Years passed without succumbing to cancer, so I figured I’d dodged that bullet.  But in my late 40’s, I began to experience low energy and insomnia.  Doctors could find nothing wrong.

Finally, we discovered that cumulative stress had exhausted my adrenal glands.  One diagnostic question haunts me: “When was the last time you can remember feeling completely well?”  Over 30 years ago — right before Three Mile Island.  With proper supplementation, diet and lifestyle changes, I’m regaining my health, but I will never know how much life I lost because I didn’t have the energy to live it.

Now, as Japan’s nightmare grows by the hour, I want to yell at Americans: WAKE UP!  To think that what happened in Japan can’t happen here is delusional to the point of madness.  Near San Luis Obispo, we built the Diablo Canyon reactors on top of an active earthquake fault.  Just south of L.A., nuclear reactors at San Onofre sit less than five miles from a major sub-oceanic faultline.  Politicians assure us these reactors can withstand a 7.0 earthquake.  7.0?  JAPAN WAS 9.0!  DO THE FREAKIN’ MATH!

Of course, political apologists are already spinning it.  “Let’s not be hasty, this doesn’t mean we can’t have safe nuclear energy,” they spew, then point out, “Nobody died at Three Mile Island!”  I beg to differ.  Unwilling to pass along then-unknowable amounts of chromosomal damage, I considered sterilization until I simply decided to not allow my body to get pregnant.  All my children died at Three Mile Island.

The clock now ticks for Japan.  Five-to-seven, 12 to 15.  Spent nuclear fuel rods have a half-life of 24,000 years, meaning it will take that long for them to become half as lethal as they are today.  Earth is a small, closed system: a rock in a bubble.

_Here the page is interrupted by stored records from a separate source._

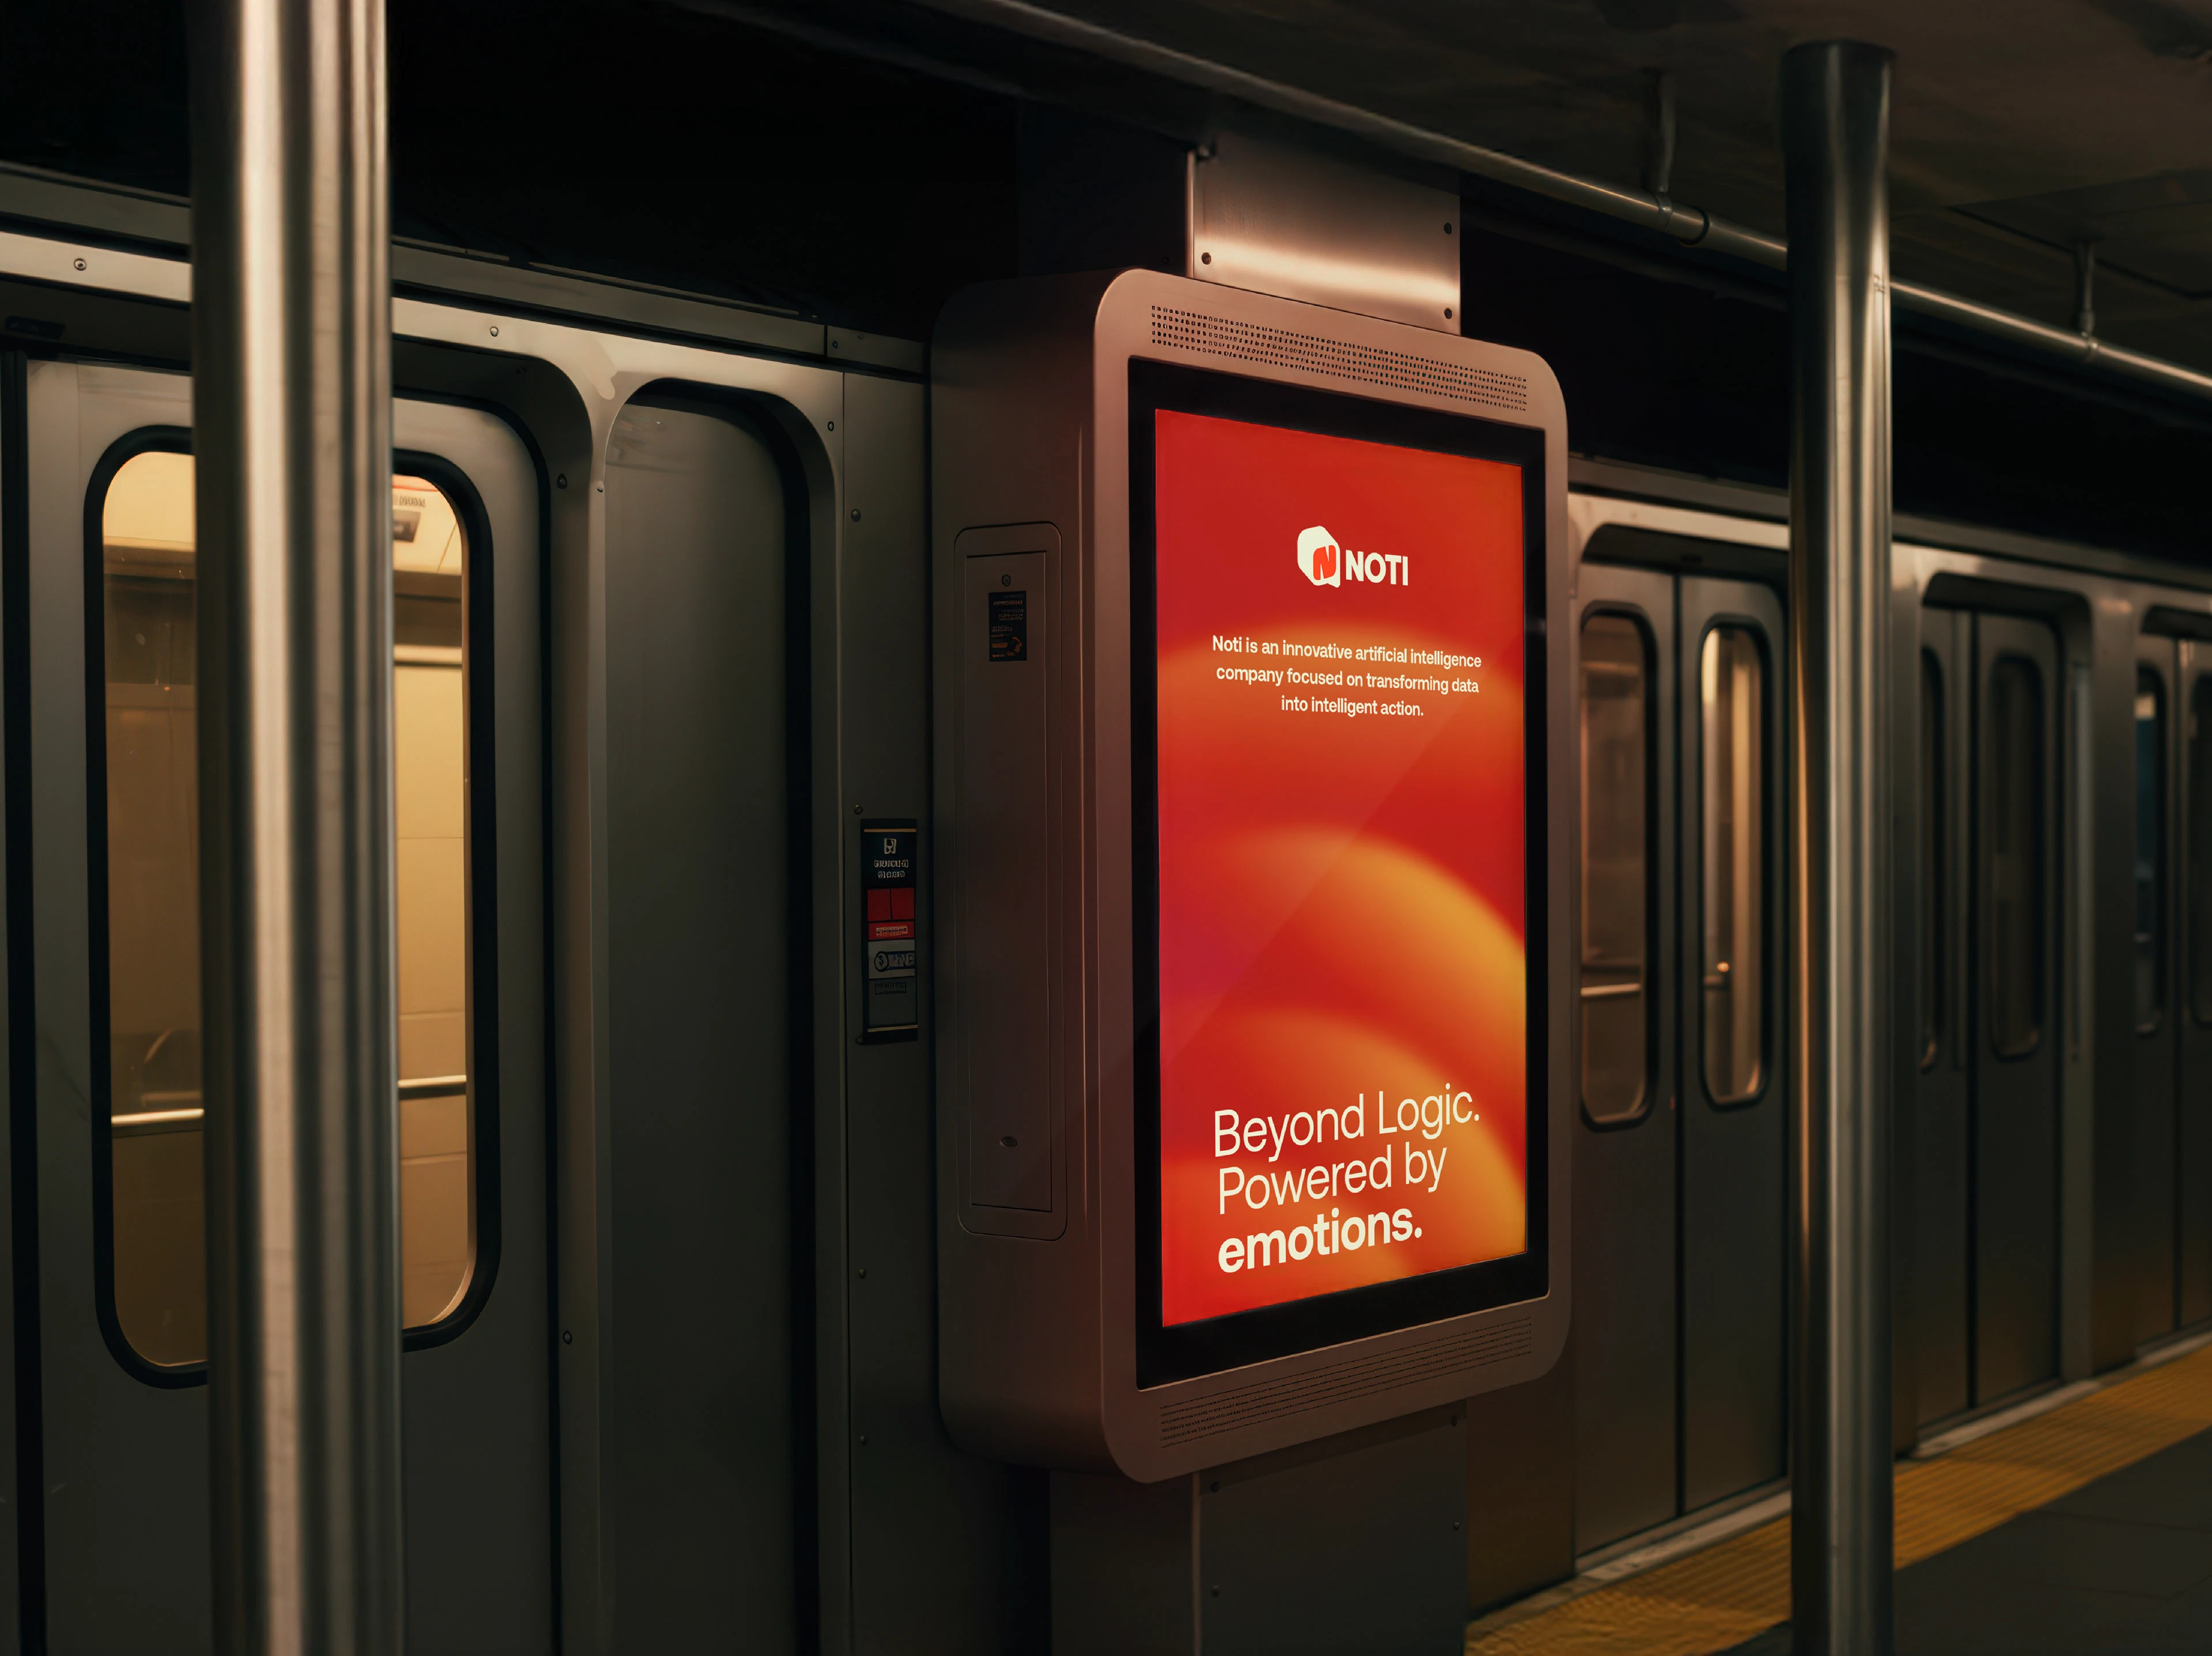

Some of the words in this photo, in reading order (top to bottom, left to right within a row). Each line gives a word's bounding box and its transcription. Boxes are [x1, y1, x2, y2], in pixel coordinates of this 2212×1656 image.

[1345, 550, 1408, 586] NOTI
[1213, 635, 1243, 653] Noti
[1245, 636, 1258, 653] is
[1262, 642, 1279, 655] an
[1282, 639, 1353, 660] innovative
[1355, 646, 1407, 664] artificial
[1410, 648, 1482, 670] intelligence
[1216, 667, 1284, 687] company
[1286, 668, 1343, 686] focused
[1346, 674, 1363, 687] on
[1366, 673, 1449, 695] transforming
[1451, 677, 1479, 693] data
[1281, 695, 1308, 712] into
[1311, 696, 1378, 718] intelligent
[1380, 700, 1424, 717] action.
[1214, 1093, 1364, 1163] Beyond
[1378, 1082, 1480, 1140] Logic.
[1219, 1144, 1392, 1215] Powered
[1404, 1141, 1448, 1193] by
[1218, 1207, 1423, 1274] emotions.

Wind drift, rotational patterns, time – even if the current radiation plume doesn’t hit the west coast, nuclear contamination will fall into the ocean to be ingested by the algae, which gets eaten by small fish, then big fish, then us.  Radiation will settle into soil, be eaten by grazing cows, end up in the milk.  Etcetera.  As the Holly Near song inspired by Three Mile Island states, “Ain’t nowhere you can run.”

So while all those condescending “experts” keep flogging nuclear energy as necessary to America’s clean, green, sustainable energy future, I suggest you pay attention to that little man behind the curtain.  Just like the emperor, he’s naked – and look!  He’s glowing in the dark.